**EXERCISE INSTRUCTIONS:** Please keep the images out and set down the data exactly as given.

**RECORDED DATA:**
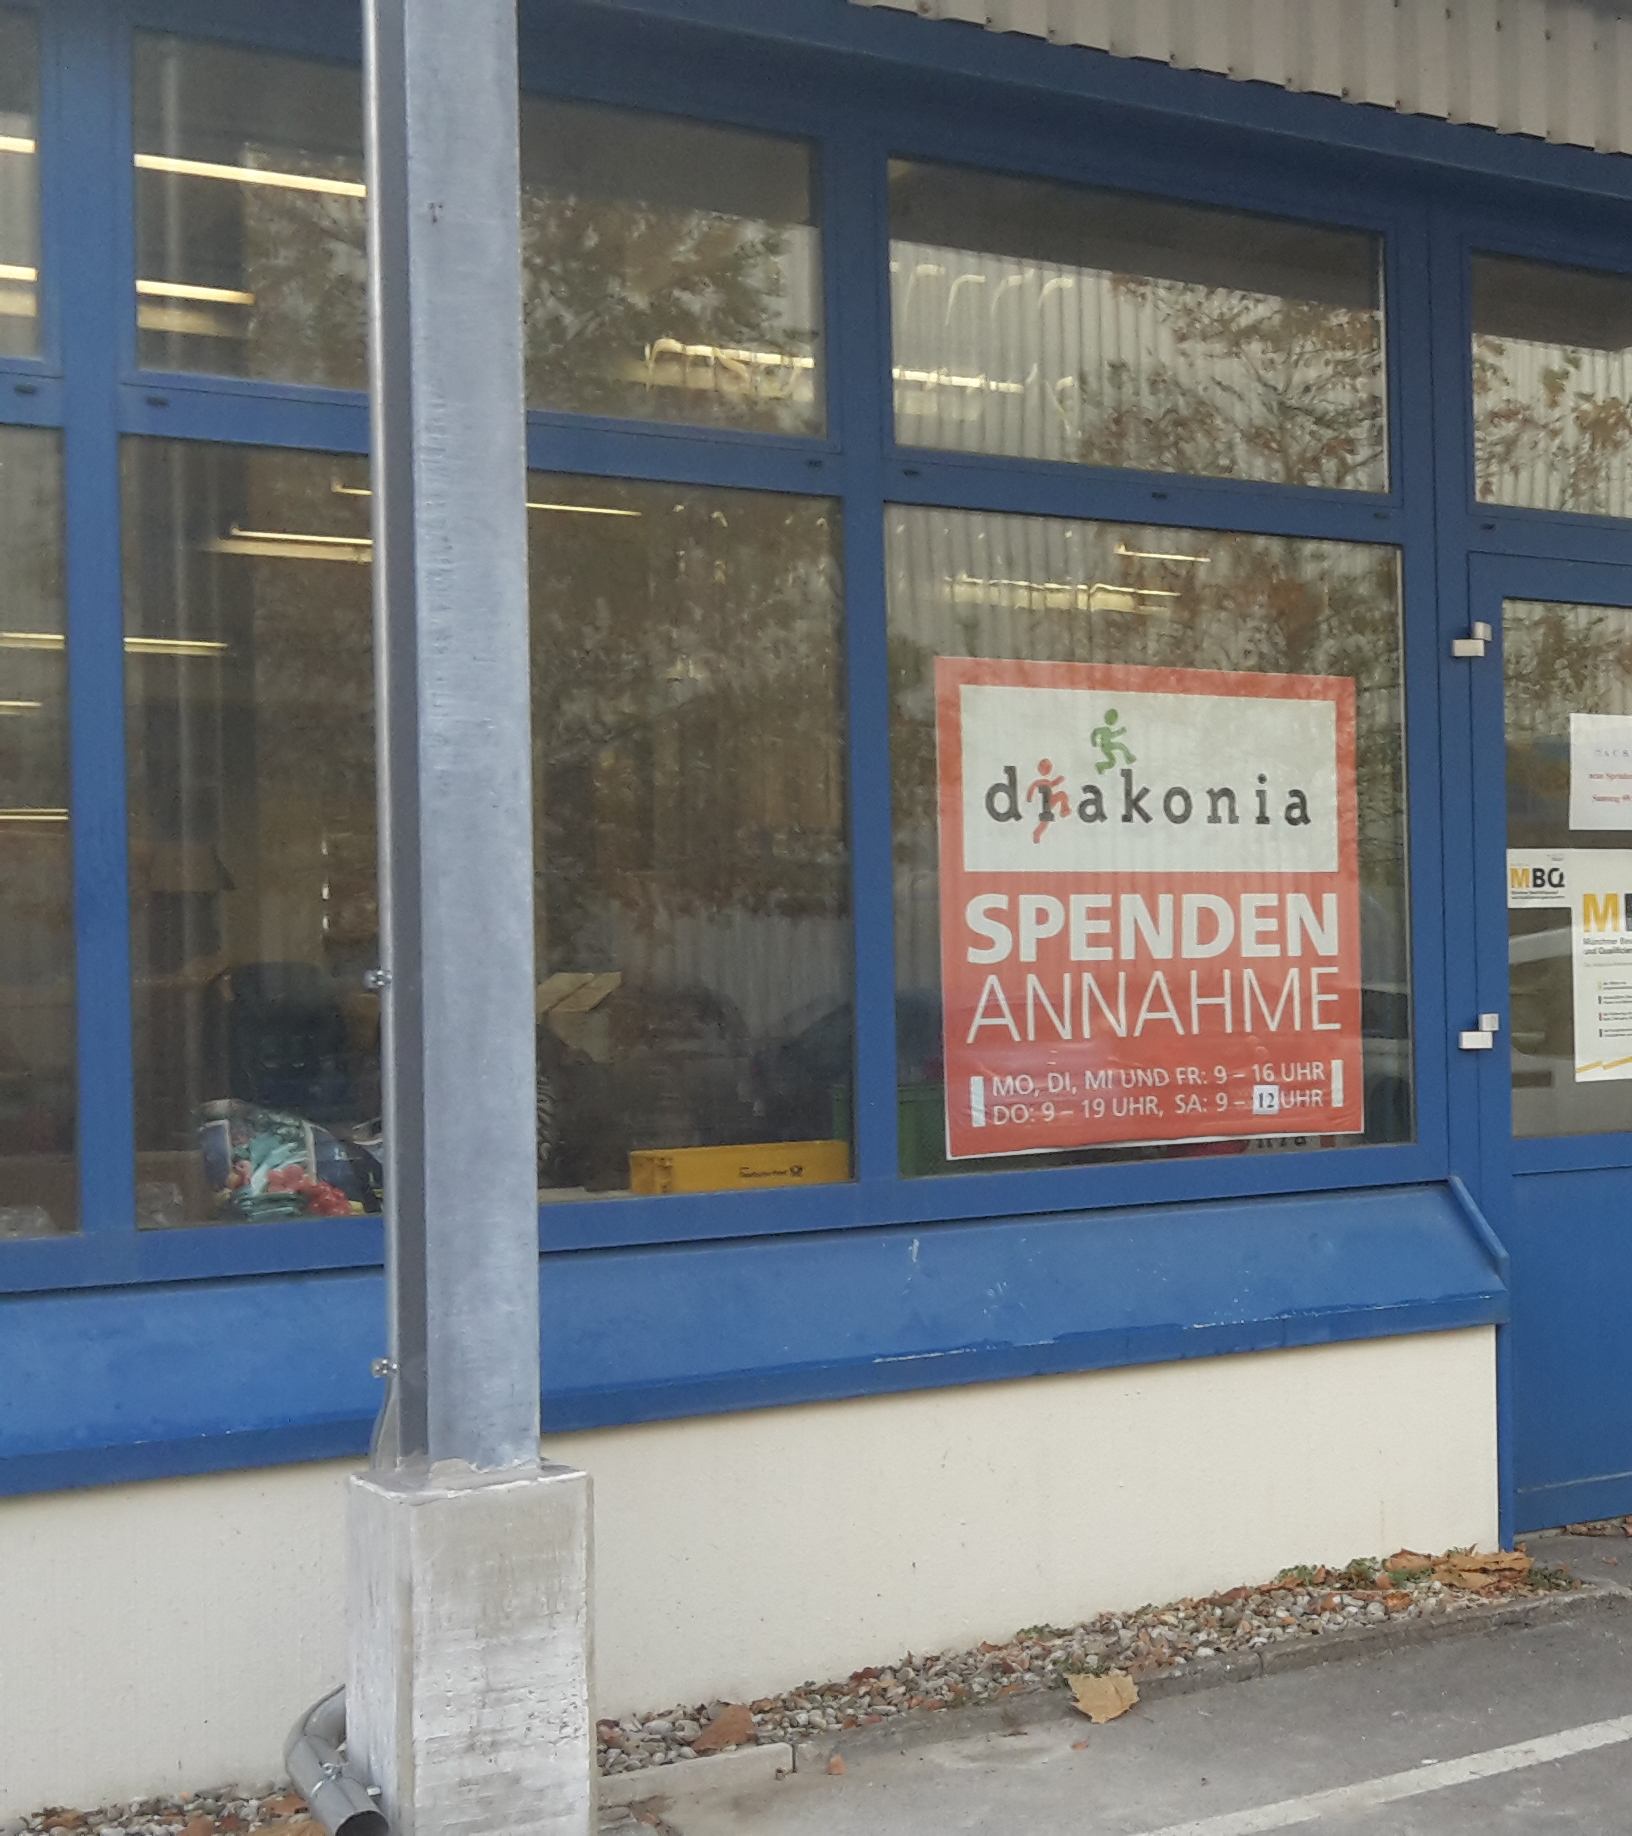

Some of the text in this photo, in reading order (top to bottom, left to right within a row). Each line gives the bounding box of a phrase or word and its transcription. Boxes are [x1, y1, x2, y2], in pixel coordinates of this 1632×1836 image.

[984, 763, 1312, 827] diakonia
[1511, 867, 1566, 888] MBQ
[964, 893, 1340, 964] SPENDEN
[966, 967, 1341, 1044] ANNAHME
[992, 1075, 1039, 1098] MO,
[1047, 1073, 1077, 1095] DI,
[1085, 1070, 1112, 1091] MI
[1121, 1067, 1169, 1089] UND
[1176, 1065, 1208, 1087] FR:
[1214, 1065, 1227, 1085] 9
[1252, 1063, 1273, 1083] 16
[1281, 1061, 1325, 1082] UHR
[992, 1103, 1035, 1126] DO:
[1042, 1101, 1055, 1122] 9
[1083, 1099, 1105, 1119] 19
[1111, 1095, 1164, 1118] UHR,
[1174, 1092, 1208, 1114] SA:
[1215, 1092, 1228, 1112] 9
[1256, 1091, 1275, 1110] 12
[1279, 1089, 1324, 1110] UHR

**RESULT FOR THIS EXERCISE:**
Some of the text in this photo, in reading order (top to bottom, left to right within a row). Each line gives the bounding box of a phrase or word and its transcription. Boxes are [x1, y1, x2, y2], in pixel coordinates of this 1632×1836 image.

[984, 763, 1312, 827] diakonia
[1511, 867, 1566, 888] MBQ
[964, 893, 1340, 964] SPENDEN
[966, 967, 1341, 1044] ANNAHME
[992, 1075, 1039, 1098] MO,
[1047, 1073, 1077, 1095] DI,
[1085, 1070, 1112, 1091] MI
[1121, 1067, 1169, 1089] UND
[1176, 1065, 1208, 1087] FR:
[1214, 1065, 1227, 1085] 9
[1252, 1063, 1273, 1083] 16
[1281, 1061, 1325, 1082] UHR
[992, 1103, 1035, 1126] DO:
[1042, 1101, 1055, 1122] 9
[1083, 1099, 1105, 1119] 19
[1111, 1095, 1164, 1118] UHR,
[1174, 1092, 1208, 1114] SA:
[1215, 1092, 1228, 1112] 9
[1256, 1091, 1275, 1110] 12
[1279, 1089, 1324, 1110] UHR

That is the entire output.